Education and Outreach

All wildlife species in Vietnam are threatened by human actions. To achieve effective conservation we must address the root causes of these actions, which often relate to a lack of understanding or negative attitudes towards these species. We aim to promote positive perceptions and attitudes supporting the conservation of wildlife. By building awareness and communicating messages that create positive perceptions of our species we aim to create attitudinal change. This we hope will affect the human behaviors that are negatively impacting wildlife populations.

We will employ a variety of tools to engage our target audiences. Firstly, our teams will carry out social surveys to help understand the characteristics of our target groups, identify local needs and establish the conservation requirements of our targeted species. This is key to ensuring our awareness campaigns and education program work effectively. Secondly, it is important to strengthen the capacity of rangers, students and animal keepers. Finally, we are using traditional and electronic media, educational publications and developing an education centre to gain public support for saving the wildlife of Vietnam.


Many children in Vietnam don’t get the chance to learn about wildlife. There are no formal wildlife education lessons in the Vietnamese schools and children have limited opportunity to discover the forest and wildlife.

We developed Wildlife Education Programs for children in different age groups from 5 to 13 years old. During a full-day program, children explore Cuc Phuong National Park and visit our education center to see some of the rarest species, such as Sunda Pangolins and Owston’s Civets. Since the start of our Wildlife Education Program, already more than 2700 school children joined!

Children are encouraged to actively ask questions which relate to characters of wildlife and their stories before being rescued at our centre. True emotional stories of “why are wildlife kept here?” and “are they able to be released back to the forest?” have touched the hearts and minds and inspired them to love then take part in to protecting these animals. Through a visit the children also learn about wildlife rescue and the rehabilitation process, conservation breeding and reintroduction programs.

Save Vietnam’s Wildlife plans to develop more education programmes with schools to educate more children and students about wildlife and wildlife protection.

For more information or to register your school for the program, please send an email to


The Carnivore and Pangolin Education Centre was opened in February 2016. Inside our interactive education centre visitors can learn about the 39 precious and irreplaceable carnivores and pangolins in Vietnam. We trained tour guides of Cuc Phuong National Park to teach visitors about threats to wildlife and the conservation work of Save Vietnam’s Wildlife.

Visit our permanent animal residents at the Education Centre, hear their rescue stories and find why they cannot be returned to the wild. Our current permanent resident animals are Binturong, Mask Palm Civet, Common Palm Civet, Leopard Cat, and Owston’s Civet.

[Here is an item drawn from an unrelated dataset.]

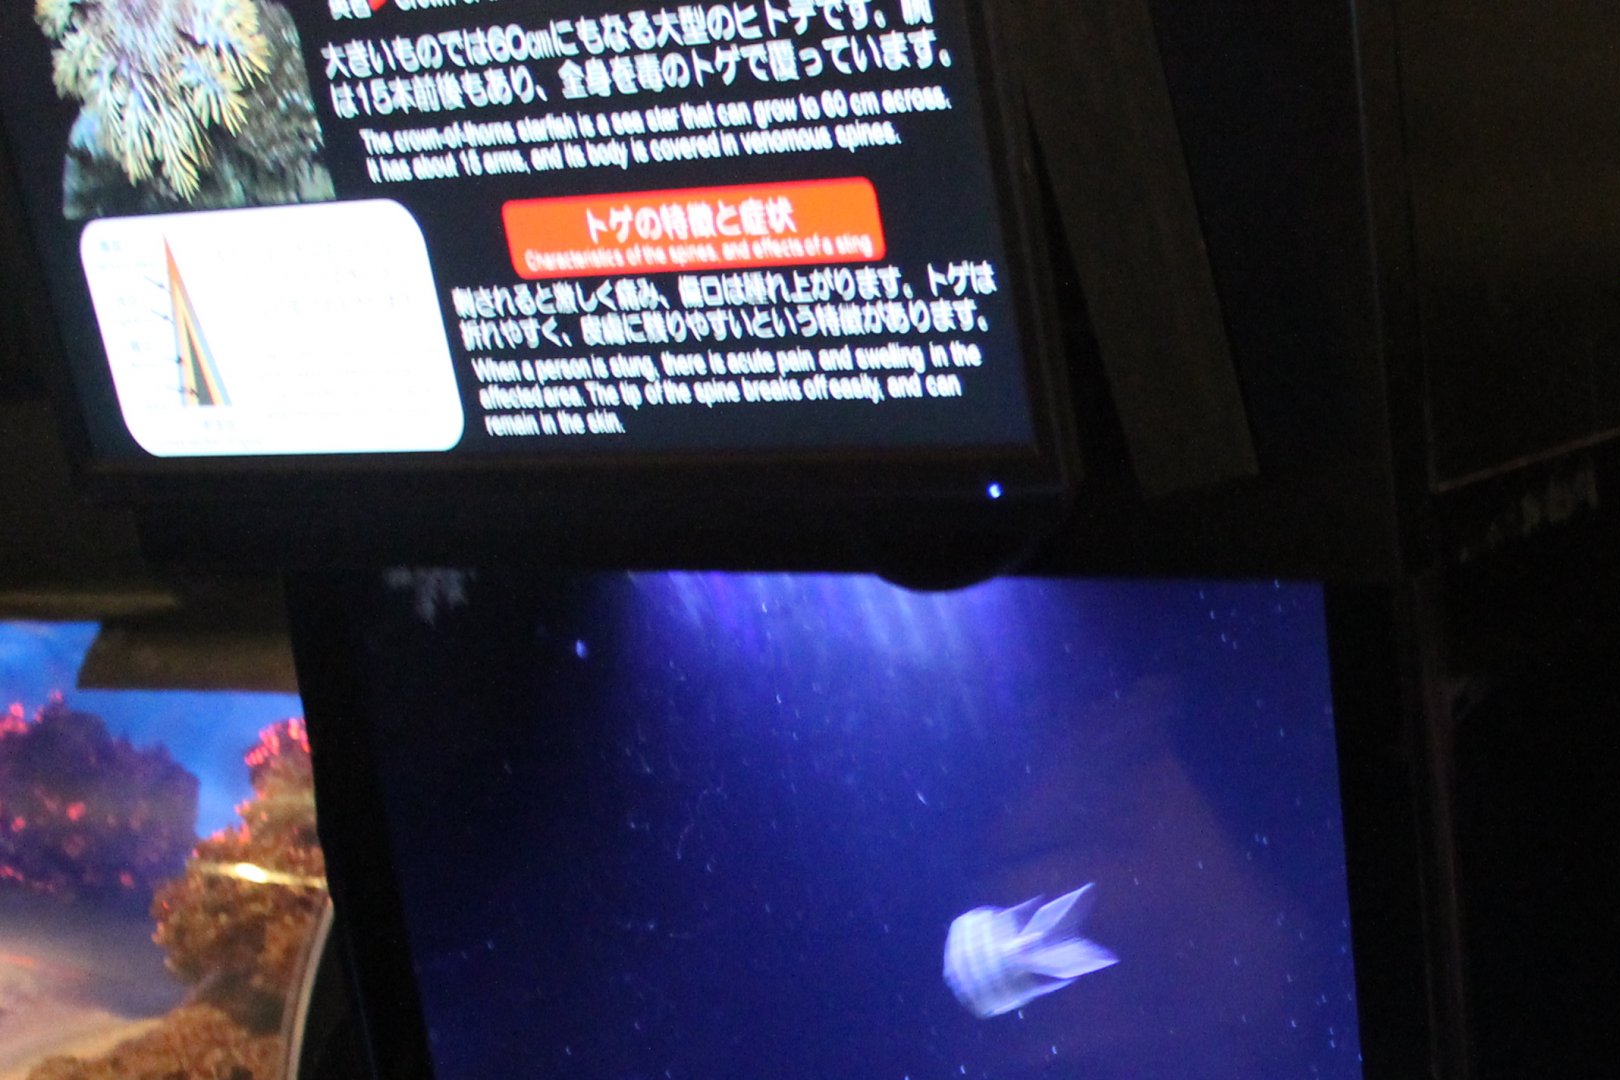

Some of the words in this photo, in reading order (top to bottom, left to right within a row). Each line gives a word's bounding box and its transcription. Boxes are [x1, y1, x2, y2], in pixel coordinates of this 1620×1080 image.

Learn how you can take action to save wildlife, as well as buying merchandise to help our conservation activities, and find out how they can help to save wildlife from the brink of extinction.

The education center is open 7 days per week, including holidays, from 9:00am– 11:00am and 2:00pm- 8:00pm.


Save Vietnam’s Wildlife conducts social research to understand the trade and motivations of pangolin consumers. We need this information to produce effective behaviour change campaigns. As part of this research, over 9.000 pangolin traders, hunters, traditional medicine doctors were interviewed. The result will be published on our website soon.

We currently focus on the behaviour change campaigns that target to government authorities to increase combat illegal wildlife hunting and trading. Save Vietnam’s Wildlife organised 4 workshops for 158 rangers, police, customs in 2016 and 2017 to build the trust, inspiring them about wildlife conservation and to provide the knowledge and skills and motivate them to take actions to save wildlife.

At the moment, we are working together with University of Oxford to implement the project “Exploring the effective use of celebrities in wildlife demand reduction: changing perceptions of pangolins in Vietnam”.


Save Vietnam’s Wildlife, in collaboration with the Carnivore Pangolin Conservation Program, have trained more than 1000 rangers, environment police and border army officers from conservation hotspots in small carnivore and pangolin conservation over ten-year period. We will continue to build upon this achievement in the coming time aiming to improve skills in identifying carnivores and pangolins, handling confiscated wildlife, and promote responsible and pro-conservation placement of confiscated wildlife.

We also carried out numerous seminars and training courses for students in Vietnam, Cambodia and Thailand raising awareness for the conservation of wildlife and showcase our research from the field and the need to protect pangolins and carnivores. We will continue to share practical skills and motivation to further future Vietnamese wildlife conservationists. Courses will cover numerous topics including aspects of small carnivore field survey skills, species ecology and identification, scientific methods, handling and care, surveys skills, transect use, interview techniques, navigation, live trapping and camera trapping.

Save Vietnam’s Wildlife works with different national and international media, such as BBC, Animal Planet, The Telegraph, 360o, VNexpress and Dantri, to spread our conservation messages to protect animals. A selection can be found on the ‘Newsletters and Media’ page.